L’Hôtel de la Garde du Corps du Roi à Versailles

L’Hôtel de la Garde du Corps du roi
à Versailles

Réalisation : Atelier Hespérides
Destinataire : Paul du Mesnil du Buisson
Année : 2019-2020

Travail de recherche historique
Inventaire et synthèse documentaire // Travail de recherches et analyse // Paléographie moderne // Travail de reconstitution architecturale // Rédaction de document de synthèse


Cette étude a permis de retracer l’histoire ainsi que les différents aménagements architecturaux de l’hôtel de la garde du corps du roi, actuellement la Caserne de Croy à Versailles. Un travail aux archives nationales, aux archives départementales des Yvelines et municipales de Versailles ainsi que des recherches photographiques ont permis de mettre à jour tous les aménagements qu’a connu cet édifice jusqu’à aujourd’hui.

Au XVIIe siècle, sur le futur emplacement de l’Hôtel des gardes du corps, se trouvait uniquement des écuries, hébergeant les chevaux des gardes du corps. Un siècle plus tard, avec la permission du roi, des architectes travaillent à la réalisation de la construction d’un hôtel afin d’héberger l’ensemble des gardes du corps. En 1732 des plans sont réalisés par l’architecte Ange-Jacques Gabriel.

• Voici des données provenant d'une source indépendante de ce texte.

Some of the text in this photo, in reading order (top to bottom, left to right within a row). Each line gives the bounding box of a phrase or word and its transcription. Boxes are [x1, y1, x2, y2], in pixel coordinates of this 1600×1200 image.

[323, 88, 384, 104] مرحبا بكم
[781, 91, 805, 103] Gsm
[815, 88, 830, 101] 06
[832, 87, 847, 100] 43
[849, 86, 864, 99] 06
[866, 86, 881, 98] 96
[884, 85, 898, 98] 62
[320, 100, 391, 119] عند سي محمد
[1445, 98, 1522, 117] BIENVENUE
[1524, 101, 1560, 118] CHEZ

Ces plans conservés aujourd’hui aux Archives départementales des Yvelines ne seront finalement pas réalisés. Il faut attendre 1752 pour voir apparaître les premières constructions de l’hôtel selon les plans de l’architecte Jean-François Blondel. L’architecte commence par démolir les bâtiments existant en se réservant le droit d’utiliser les matériaux de bonne qualité dans les nouvelles constructions. Cependant, très tôt, apparaît la nécessité de prévoir d’autres bâtiments notamment une chapelle et un manège. Tandis que plusieurs plans, coupes et élévation du manège ont été retrouvés au Service Historique de la Défense, il n’existe aucun document permettant appréhender l’architecture extérieure de la chapelle. En croisant, photos historiques, plans et descriptions, une reconstitution de la façade de la chapelle vue depuis la rue des tournelles a pu être proposée.

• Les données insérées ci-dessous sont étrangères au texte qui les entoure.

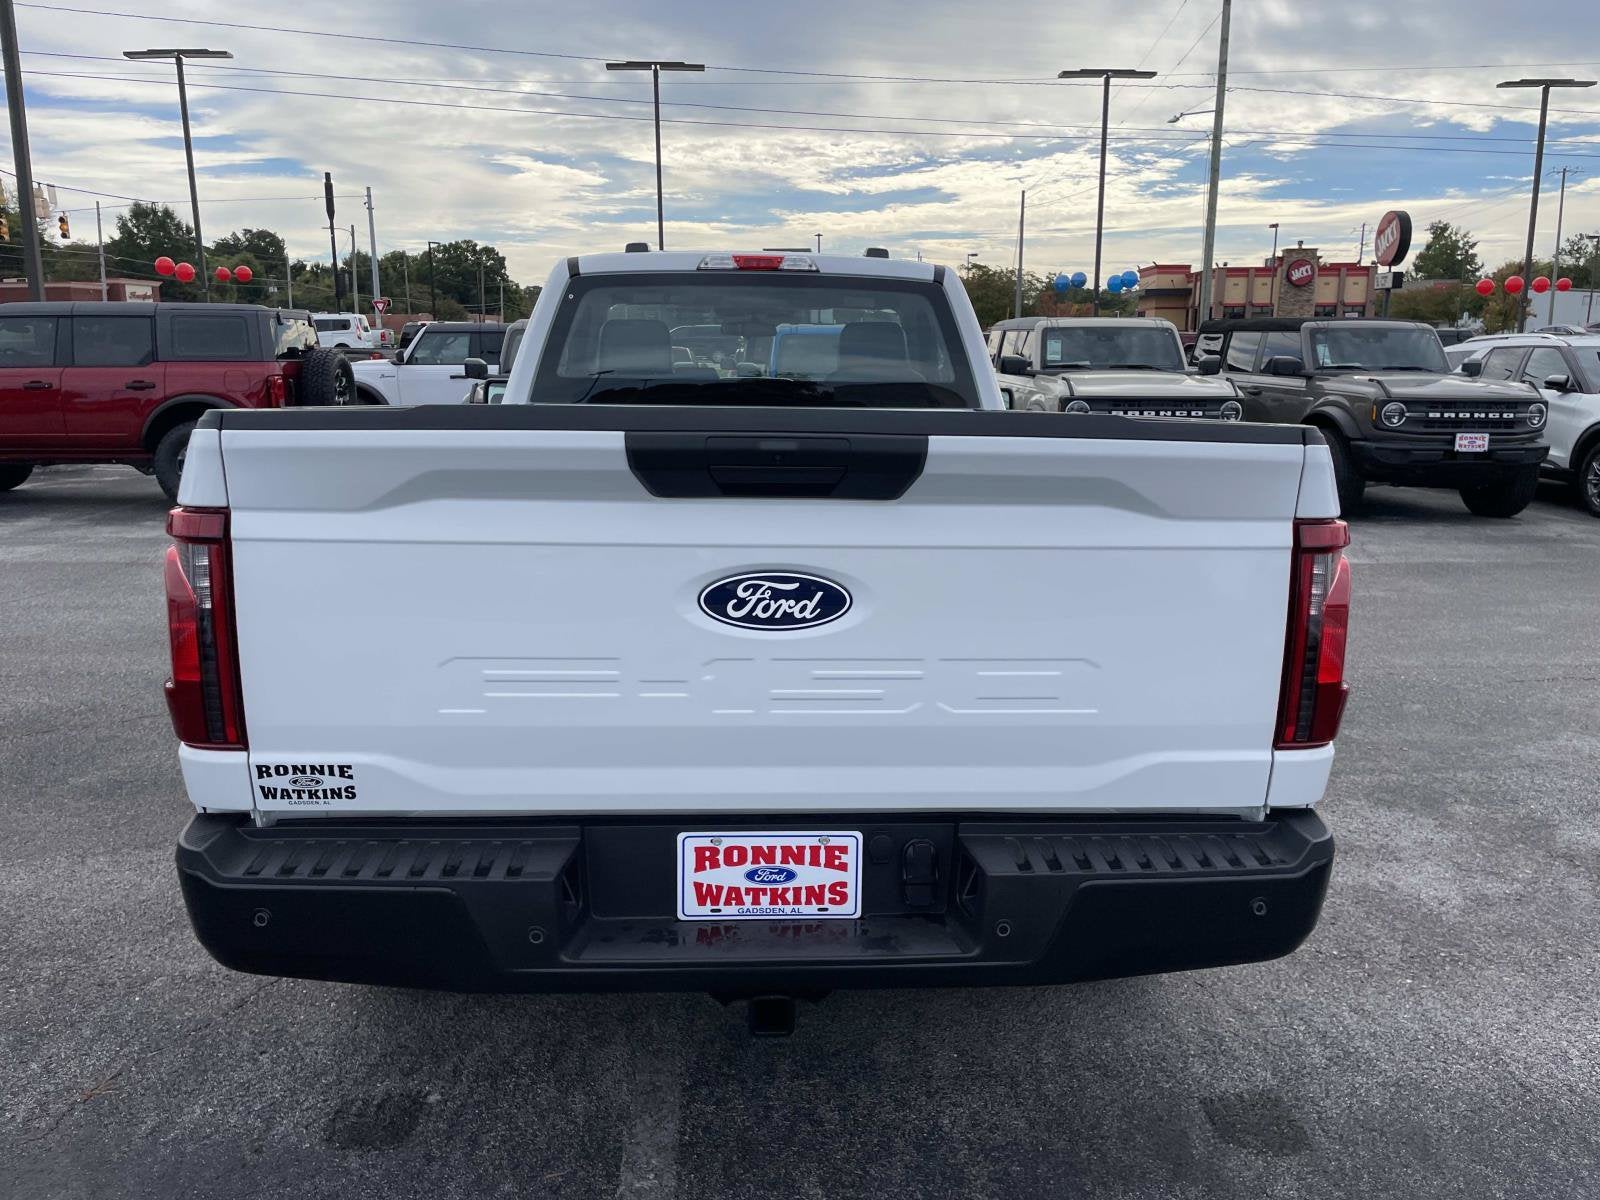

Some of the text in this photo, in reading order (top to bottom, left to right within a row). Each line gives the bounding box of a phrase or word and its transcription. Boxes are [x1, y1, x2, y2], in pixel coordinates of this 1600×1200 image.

[726, 580, 824, 619] Ford
[255, 764, 354, 780] RONNIE
[259, 785, 357, 800] WATKINS
[694, 845, 849, 874] RONNIE
[754, 867, 788, 882] Ford
[693, 881, 849, 907] WATKINS

Plan du corps de logis a construire pour loger les gardes du corps du Roy, en conservant les anciennes écuries comme elles sont à présent. Archives Départementales des Yvelines, A 231

Plan du corps de logis a construire pour loger les gardes du corps du Roy et leur élévations. Archives Départementales des Yvelines, A 231

Plan du corps de logis a construire pour loger les gardes du corps du Roy et leur élévations. Rez-de-chaussée. Archives Départementales des Yvelines, A 231

Reconstitution de la façade de la chapelle vue depuis la rue des tournelles

A partir du XIXe siècle, l’hôtel des gardes du corps connaît plusieurs usages. Sous le premier empire, il est utilisé pour le casernement des chevaux-légers lanciers tandis qu’à la Restauration, il sert à loger la compagnie d’Havré qui deviendra la compagnie de Croy. Entre 1893 et 1919, la caserne accueille le 27ième régiment des Dragons. Puis à partir de 1919, s’installe dans les bâtiments de la caserne, l’École Militaire d’Infanterie et les chars de combats. En 1945, un détachement du Women’s Royal Army Corps est hébergé dans la caserne.

Entre 1961 et 1962, plusieurs bâtiments de la caserne de Croy ainsi que celle d’Anjon sont détruits. Parmi ces bâtiments on retrouve ceux se trouvant au sud du terrain notamment les écuries, la chapelle et le manège. Seul, est conservé le portail monumental sur l’avenue de Sceau. Cependant, séparé de l’ensemble des bâtiments la lecture du portail est devenue impossible. Toutes ces destructions sont faites aux profits d’une opération immobilière de la société nationale immobilière qui souhaite construire des immeubles d’habitations. Le terrain militaire se limite alors seulement aux logis carrés et aux écuries se trouvant autour de la cour de l’abreuvoir.